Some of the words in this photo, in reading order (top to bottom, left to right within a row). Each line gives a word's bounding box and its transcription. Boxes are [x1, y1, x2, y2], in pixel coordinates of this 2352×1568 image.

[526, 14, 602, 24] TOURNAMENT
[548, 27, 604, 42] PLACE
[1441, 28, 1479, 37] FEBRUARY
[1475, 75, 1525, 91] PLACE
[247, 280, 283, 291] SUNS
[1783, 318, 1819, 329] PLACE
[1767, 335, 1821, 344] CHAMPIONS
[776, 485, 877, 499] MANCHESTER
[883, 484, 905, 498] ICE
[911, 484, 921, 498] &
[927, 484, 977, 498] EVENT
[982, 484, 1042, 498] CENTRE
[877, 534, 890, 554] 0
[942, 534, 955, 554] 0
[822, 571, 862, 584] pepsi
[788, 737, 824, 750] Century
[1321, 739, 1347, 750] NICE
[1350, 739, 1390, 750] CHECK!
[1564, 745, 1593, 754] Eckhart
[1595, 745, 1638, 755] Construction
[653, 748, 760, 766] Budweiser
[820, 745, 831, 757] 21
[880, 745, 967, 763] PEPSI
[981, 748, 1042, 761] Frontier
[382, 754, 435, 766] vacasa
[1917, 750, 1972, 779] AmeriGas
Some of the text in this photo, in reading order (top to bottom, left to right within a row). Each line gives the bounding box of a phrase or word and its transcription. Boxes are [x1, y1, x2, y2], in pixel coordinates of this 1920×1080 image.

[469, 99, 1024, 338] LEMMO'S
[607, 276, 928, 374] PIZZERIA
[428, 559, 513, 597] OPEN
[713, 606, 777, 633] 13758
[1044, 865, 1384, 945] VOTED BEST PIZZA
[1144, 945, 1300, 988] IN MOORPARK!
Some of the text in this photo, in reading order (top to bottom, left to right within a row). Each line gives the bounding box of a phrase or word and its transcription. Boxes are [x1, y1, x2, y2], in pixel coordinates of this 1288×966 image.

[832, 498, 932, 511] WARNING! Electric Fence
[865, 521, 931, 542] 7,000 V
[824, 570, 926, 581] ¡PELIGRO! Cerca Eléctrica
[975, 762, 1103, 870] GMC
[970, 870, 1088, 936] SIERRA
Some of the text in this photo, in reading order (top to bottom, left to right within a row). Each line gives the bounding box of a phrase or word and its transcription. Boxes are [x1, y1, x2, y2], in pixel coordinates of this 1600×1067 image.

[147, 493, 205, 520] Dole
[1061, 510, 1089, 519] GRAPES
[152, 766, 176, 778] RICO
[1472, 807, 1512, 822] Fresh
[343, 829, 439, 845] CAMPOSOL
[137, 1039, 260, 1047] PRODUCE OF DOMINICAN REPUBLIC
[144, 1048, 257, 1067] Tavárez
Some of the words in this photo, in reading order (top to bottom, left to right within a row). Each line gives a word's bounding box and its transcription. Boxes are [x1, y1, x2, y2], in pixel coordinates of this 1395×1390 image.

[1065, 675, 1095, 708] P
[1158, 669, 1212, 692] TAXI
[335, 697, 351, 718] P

AIM OF THE EXERCISE: Print the data above exactly as it reads.

OUTPUT OF THE EXERCISE:
Some of the words in this photo, in reading order (top to bottom, left to right within a row). Each line gives a word's bounding box and its transcription. Boxes are [x1, y1, x2, y2], in pixel coordinates of this 2352×1568 image.

[526, 14, 602, 24] TOURNAMENT
[548, 27, 604, 42] PLACE
[1441, 28, 1479, 37] FEBRUARY
[1475, 75, 1525, 91] PLACE
[247, 280, 283, 291] SUNS
[1783, 318, 1819, 329] PLACE
[1767, 335, 1821, 344] CHAMPIONS
[776, 485, 877, 499] MANCHESTER
[883, 484, 905, 498] ICE
[911, 484, 921, 498] &
[927, 484, 977, 498] EVENT
[982, 484, 1042, 498] CENTRE
[877, 534, 890, 554] 0
[942, 534, 955, 554] 0
[822, 571, 862, 584] pepsi
[788, 737, 824, 750] Century
[1321, 739, 1347, 750] NICE
[1350, 739, 1390, 750] CHECK!
[1564, 745, 1593, 754] Eckhart
[1595, 745, 1638, 755] Construction
[653, 748, 760, 766] Budweiser
[820, 745, 831, 757] 21
[880, 745, 967, 763] PEPSI
[981, 748, 1042, 761] Frontier
[382, 754, 435, 766] vacasa
[1917, 750, 1972, 779] AmeriGas
Some of the text in this photo, in reading order (top to bottom, left to right within a row). Each line gives the bounding box of a phrase or word and its transcription. Boxes are [x1, y1, x2, y2], in pixel coordinates of this 1920×1080 image.

[469, 99, 1024, 338] LEMMO'S
[607, 276, 928, 374] PIZZERIA
[428, 559, 513, 597] OPEN
[713, 606, 777, 633] 13758
[1044, 865, 1384, 945] VOTED BEST PIZZA
[1144, 945, 1300, 988] IN MOORPARK!
Some of the text in this photo, in reading order (top to bottom, left to right within a row). Each line gives the bounding box of a phrase or word and its transcription. Boxes are [x1, y1, x2, y2], in pixel coordinates of this 1288×966 image.

[832, 498, 932, 511] WARNING! Electric Fence
[865, 521, 931, 542] 7,000 V
[824, 570, 926, 581] ¡PELIGRO! Cerca Eléctrica
[975, 762, 1103, 870] GMC
[970, 870, 1088, 936] SIERRA
Some of the text in this photo, in reading order (top to bottom, left to right within a row). Each line gives the bounding box of a phrase or word and its transcription. Boxes are [x1, y1, x2, y2], in pixel coordinates of this 1600×1067 image.

[147, 493, 205, 520] Dole
[1061, 510, 1089, 519] GRAPES
[152, 766, 176, 778] RICO
[1472, 807, 1512, 822] Fresh
[343, 829, 439, 845] CAMPOSOL
[137, 1039, 260, 1047] PRODUCE OF DOMINICAN REPUBLIC
[144, 1048, 257, 1067] Tavárez
Some of the words in this photo, in reading order (top to bottom, left to right within a row). Each line gives a word's bounding box and its transcription. Boxes are [x1, y1, x2, y2], in pixel coordinates of this 1395×1390 image.

[1065, 675, 1095, 708] P
[1158, 669, 1212, 692] TAXI
[335, 697, 351, 718] P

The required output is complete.